Estate sale/garage sale or something else?

We were able to give away some furniture to a hospital employee H knew. We left some stuff until the house sold and family plus friends finished emptying the house for us so we did not need to return the well over 1000 miles. The Salvation Army does pick up (even though I disagree with their take on religion at least people benefit). We were able to find people to take our washer/dryer through an immigrant help organization. A call to such organizations can yield possibilities. Check for annual city sponsored electronics recycling in your area. We are wealthy enough we didn’t need the money from old stuff- just so glad to finally leave some of it behind.

Great idea to downsize. Fresh start. One disadvantage of being our ages is having a lot of stuff acquired decades ago that is too good to replace even though we wish we could buy now. Giving to kids’ first apartments helped.
Perhaps listing in a college area would help.

Our Restore does take exercise equipment so ck with them, it may just be if they have space, idk.

@thumper1 - that answered my question. Thanks! I probably didn’t word it very well.

@Hoggirl

Actually, I know three folks who did this. None wanted to really make money…and all understood that it was “stuff” they just needed to get rid of.

Having an estate person was a very cost effective way to get rid of everything!

I’d hold a garage sale and be very liberal with the pricing.
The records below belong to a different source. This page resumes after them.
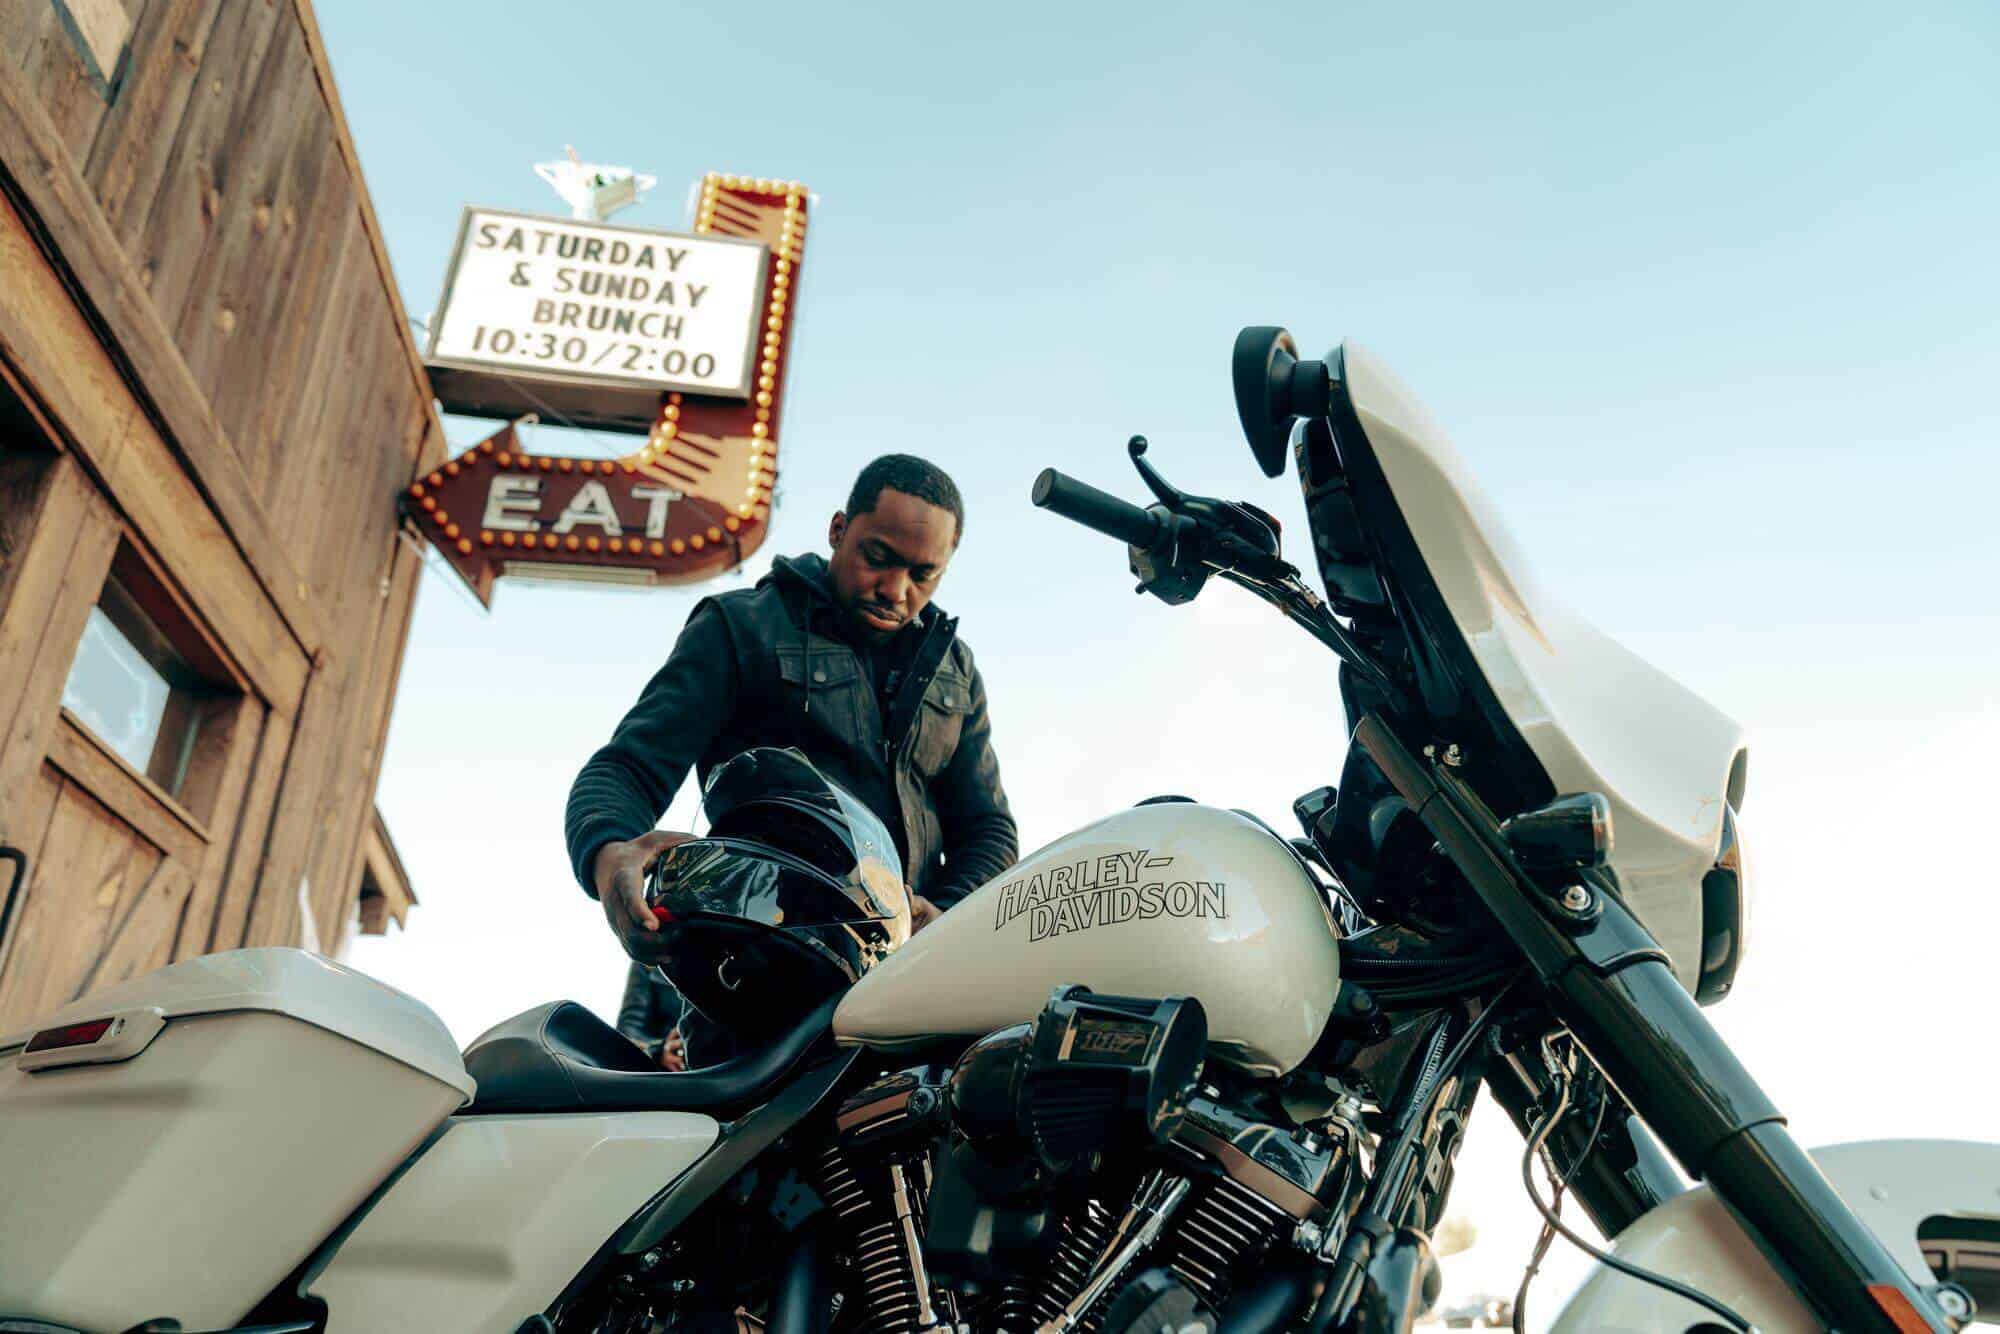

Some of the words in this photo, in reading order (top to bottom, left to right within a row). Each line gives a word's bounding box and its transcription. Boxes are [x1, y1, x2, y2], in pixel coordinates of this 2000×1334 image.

[477, 223, 688, 272] SATURDAY
[509, 262, 531, 287] &
[553, 267, 708, 308] SUNDAY
[532, 298, 684, 340] BRUNCH
[471, 325, 716, 378] 10:30/2:00
[481, 474, 683, 539] EAT
[1030, 881, 1227, 942] DAVIDSON
It won’t be very lucrative but it can be rewarding in other ways, such as when you give a small child a stuffed animal map they’re eyeing. We’ve found that there are always people who need stuff and are very grateful to get it for next to nothing.

Please google the topic of “downsizing + estate sales”, and you’ll soon find out that most normal household stuff, including once-expensive furniture and artwork, have little resale value beyond thrift-store pricing. Be sure to educate yourself, so you’re ready to do a serious purge. Thrift stores will take clean, working, saleable stuff, and often not old appliances, or big tvs, or mattresses, or tv cabinets, and will even eye-ball inspect your furniture before loading it on truck. You may want to get a dumpster delivered, or hire junk-truck to haul-away the unwanted stuff; our suburban garbage service charges extra for every item that doesn’t fit in our two Rubbermaid garbage containers.
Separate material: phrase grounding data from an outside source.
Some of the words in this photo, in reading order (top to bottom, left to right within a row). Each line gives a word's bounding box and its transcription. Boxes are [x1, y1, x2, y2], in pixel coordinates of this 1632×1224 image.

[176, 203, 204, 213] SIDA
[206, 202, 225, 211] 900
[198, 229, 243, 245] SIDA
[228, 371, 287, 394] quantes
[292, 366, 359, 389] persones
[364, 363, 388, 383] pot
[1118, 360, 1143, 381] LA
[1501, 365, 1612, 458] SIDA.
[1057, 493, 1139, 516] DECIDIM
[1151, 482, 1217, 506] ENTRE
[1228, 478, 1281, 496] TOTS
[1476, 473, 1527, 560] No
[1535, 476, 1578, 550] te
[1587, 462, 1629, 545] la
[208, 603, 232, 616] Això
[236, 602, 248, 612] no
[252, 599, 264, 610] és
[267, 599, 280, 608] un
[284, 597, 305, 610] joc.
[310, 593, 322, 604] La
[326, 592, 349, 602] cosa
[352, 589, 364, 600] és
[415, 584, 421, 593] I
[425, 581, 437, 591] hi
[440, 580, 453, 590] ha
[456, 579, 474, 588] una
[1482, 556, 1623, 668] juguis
My uncle didn’t want to share my aunt’s (and my grandmother’s) chinaware and figurines with his own kids, thinking he was going to earn $$$$ at his upscale professional house-sale. Uncle was pleased by the prices, and shocked by how little sold. Worse, contract specified sale-manager would “clean-out house at no cost”, which really meant that 80% of household contents went to sales-manager as no-cost stock in its off-site resale store. Yes, perfectly legal, and iften happens, along with kickback to referring real estate agent.
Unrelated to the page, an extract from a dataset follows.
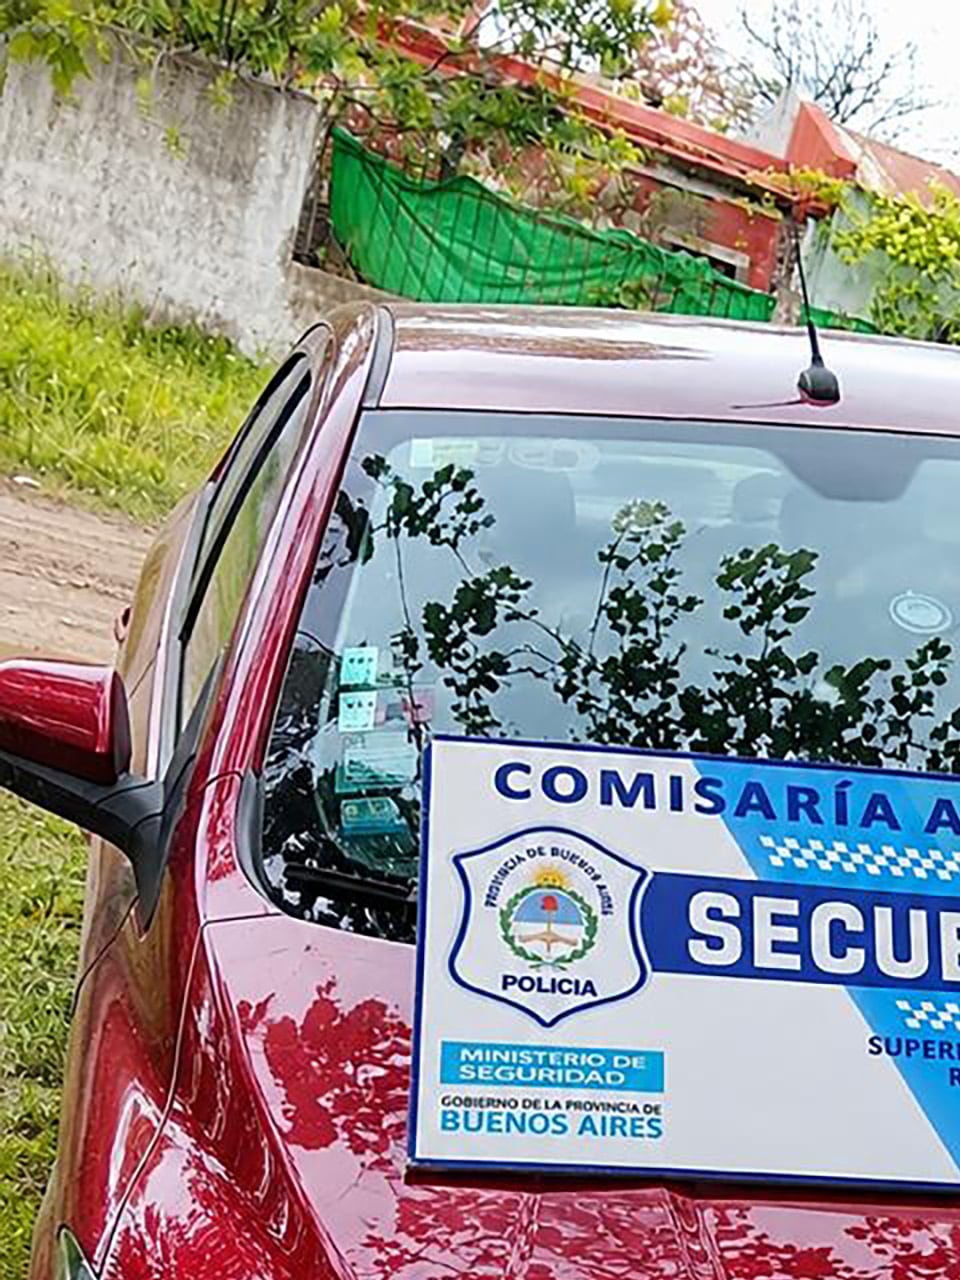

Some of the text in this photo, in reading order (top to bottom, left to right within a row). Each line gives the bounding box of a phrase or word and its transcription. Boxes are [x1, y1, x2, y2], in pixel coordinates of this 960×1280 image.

Best arrangement: let the kids pick what they’d like, now or never, from what’s not coming to your new home, then let friends and family pick, then call a non-profit resale shop with pick-up service to retrieve what’s in good saleable condition, and the rest goes into dumpster or junk-truck service. Yes, it’s hard to dismantle a home.

That said, we recently sold some high-quality like-new recognizable designer large furniture items on Craigslist, priced at fraction of retail price for items still in current manufacturer line, and could write a chapter-long story about each experience. Many buyers on Craigslist are flakes. Think hard before listing, worse if items are free, in our experience - lots of (sometimes relatively intimidating) resellers out there trying to aggressively procure merchandise for free who you don’t want to meet at your home alone.

Restore, Habitat’s retail store is awesome. When we redid our kitchen they took all the old cabinets,counter tops,appliances, table & chairs even the kitchen sink!

In our area, St. Vincent DePaul’s Catholic Charity (separate from St. Vincent DePaul’s Charity) is the contact organization for refugee resettlement. They will pick things up. Habitat Restore is also a good idea.